I make myself turn back to my work.
 
 But a while later, when I hear the delivery guys arguing, I’m already out of the bar, crossing the space, before my brain catches up to my feet.
 
 The back door of her shop is propped open, sunlight spilling across the scuffed threshold. I stop just before coming into view. One of the delivery guys is swearing, the other is laughing at him, and then—
 
 “Careful!” Paige’s voice, sharp but steady.
 
 And there she is. She’s standing just inside, hair tied up, dust streaking her shoulder like she wiped her hand there without thinking. She’s watching as the men wrestle a massive industrial fridge off the dolly, trying to angle it through the door. The thing’s not budging, the doorframe just an inch too tight, and frustration is rolling off all three of them.
 
 My heart does that thing it always does when I see her: kicks once, hard, like it’s trying to get free.
 
 I should turn around. I should.
 
 Instead, I clear my throat. “Need a hand?”
 
 Her head snaps up. Our eyes meet, and for half a second something flares there, but it’s gone too quickly. Careful as always these days.
 
 “We’ve got it handled,” she says, even though clearly, they don’t.
 
 The delivery guys glance over their shoulders at me, sweat beading on their foreheads. “You know him?” one asks, already angling to pass the work off.
 
 “He’s the landlord,” she mutters. Then, with a sigh, “Yeah. He can help.”
 
 I step in before she can change her mind. The space smells like lemon cleaner and that sweet scent that follows her around. It hits me like it always does—bright, clean, alive.
 
 “Where do you want it?” I ask her, nodding at the fridge.
 
 She gestures toward the far wall, near the counter. “There.

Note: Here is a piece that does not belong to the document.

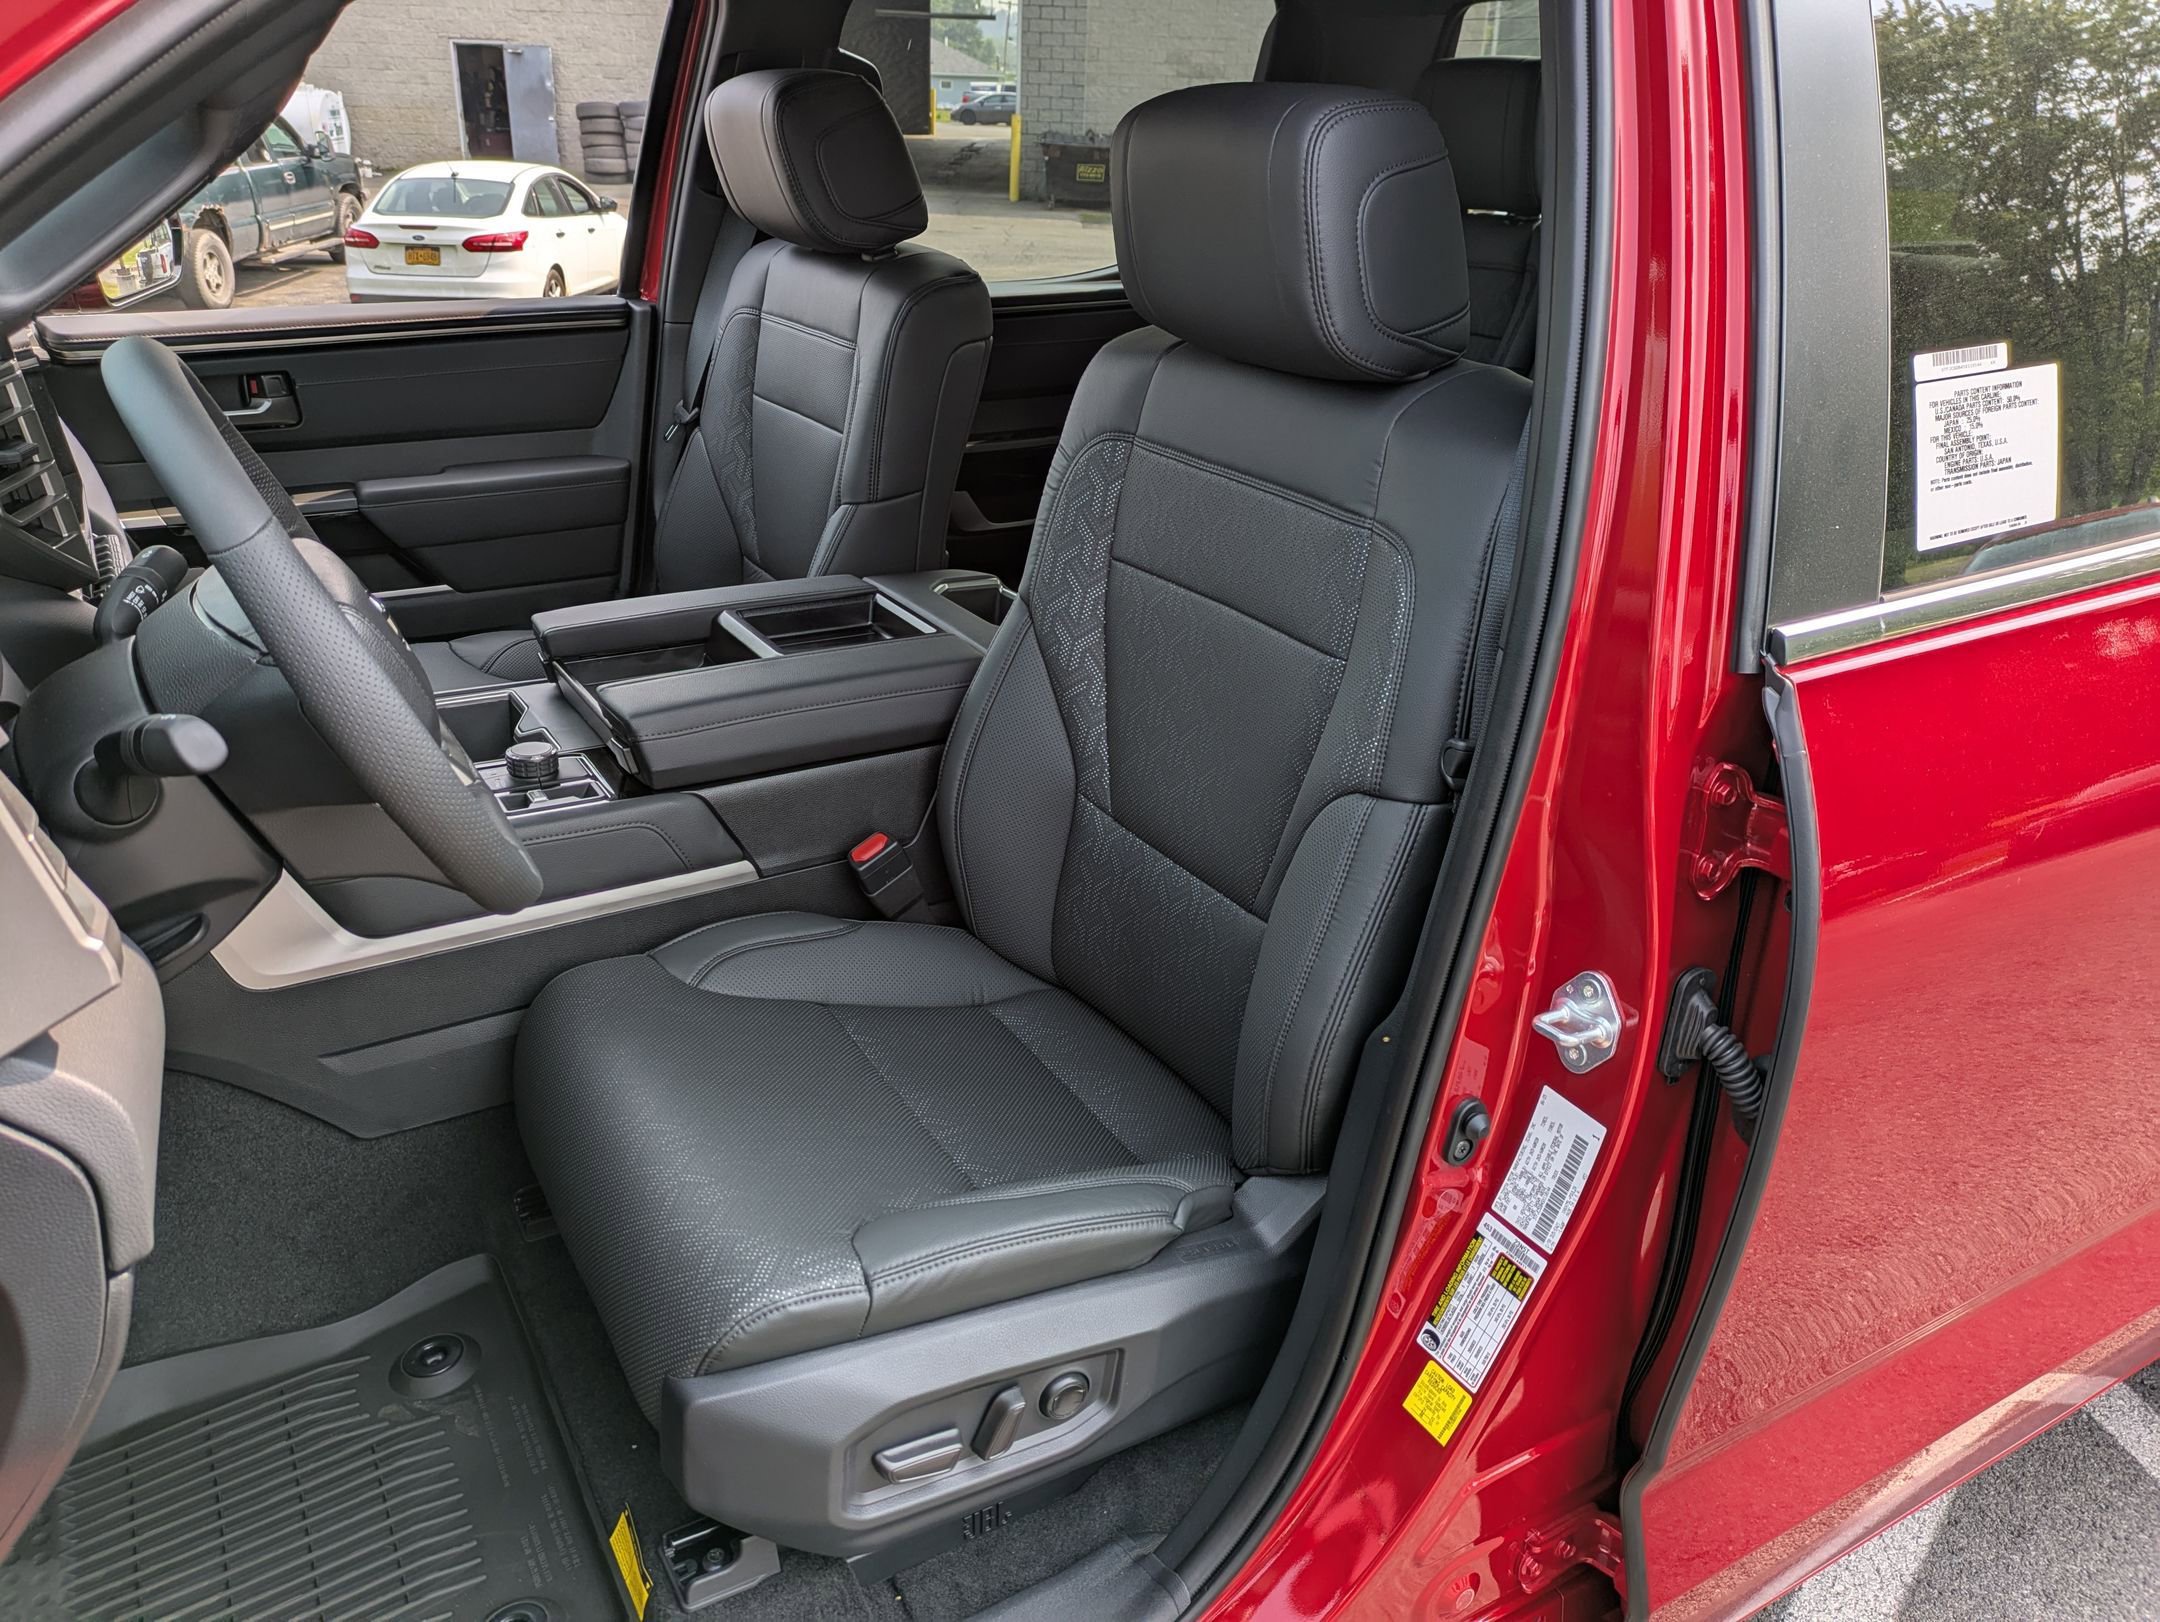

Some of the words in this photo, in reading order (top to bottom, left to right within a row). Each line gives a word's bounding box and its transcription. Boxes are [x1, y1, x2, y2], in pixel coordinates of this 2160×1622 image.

Next to the ovens. If it ever makes it through the door.”
 
 I crouch by the frame, eyeing the angle. The problem is the width. It’s just a bit too wide to fit through the frame with the door attached.
 
 “We’ll take the door off,” I say. “We’ll pull the hinge pins and lift it off the frame. You’ll get another inch and a half clear.”
 
 One delivery guy snorts; the other looks like he wants to argue with geometry. Paige just watches me, arms folded, waiting to see if I’m talking out of my ass.
 
 “I’ve got tools next door,” I add. “Two minutes.”
 
 She hesitates, then gives the barest nod. “Fine.”
 
 I jog back through the lot, cut into the Pint’s back hall, and snag the red toolbox off the office shelf. By the time I’m back at her threshold, the delivery guys have the fridge balanced on the lipof the dolly, muttering to each other. I set the box down, flip open the latches, and pull out a flathead and a rubber mallet.
 
 “Hold the slab steady,” I tell them, then kneel, slide the screwdriver under the bottom hinge pin, and give it two clean taps. The pin jumps up in the barrel; I grab it with my fingers and set it in Paige’s outstretched palm before I can think better of the contact. She doesn’t move except to curl her fingers around it.
 
 “Top,” I say, and repeat. The second pin comes easier. I lean my shoulder into the door, lift an inch, then look at the taller mover. “Help me take it straight up and back.”
 
 He nods, grunts, and we lift. The door comes off clean. I walk it ten steps inside, lay it carefully against the wall on a moving blanket.
 
 “Threshold’s still high,” I say, eyeing the metal strip. “You got any Masonite or a spare blanket?”
 
 The shorter guy drags a folded pad from the truck, and we lay it over the threshold to make a ramp. I plant my boots. “Okay. Same pivot as before, but you’ve got the width now. On three.”
 
 We count, tilt, and the fridge rides over the pad, clearing the frame with little to spare. Paige steps back to give us room, her jaw tight, eyes tracking every inch like she’s willing it not to nick her freshly painted trim. We clear the ramp and the thing’s inside. When it settles, the floor sighs a little under the weight. Her breath lets out in a single sharp note.
 
 “Leveling feet?” I ask.
 
 The taller mover taps the box with his boot. “In the bag with the manuals.”
 
 I bite my tongue before I can tell them to grab a level. They know what they’re doing, and I’m not really supposed to be here anyway.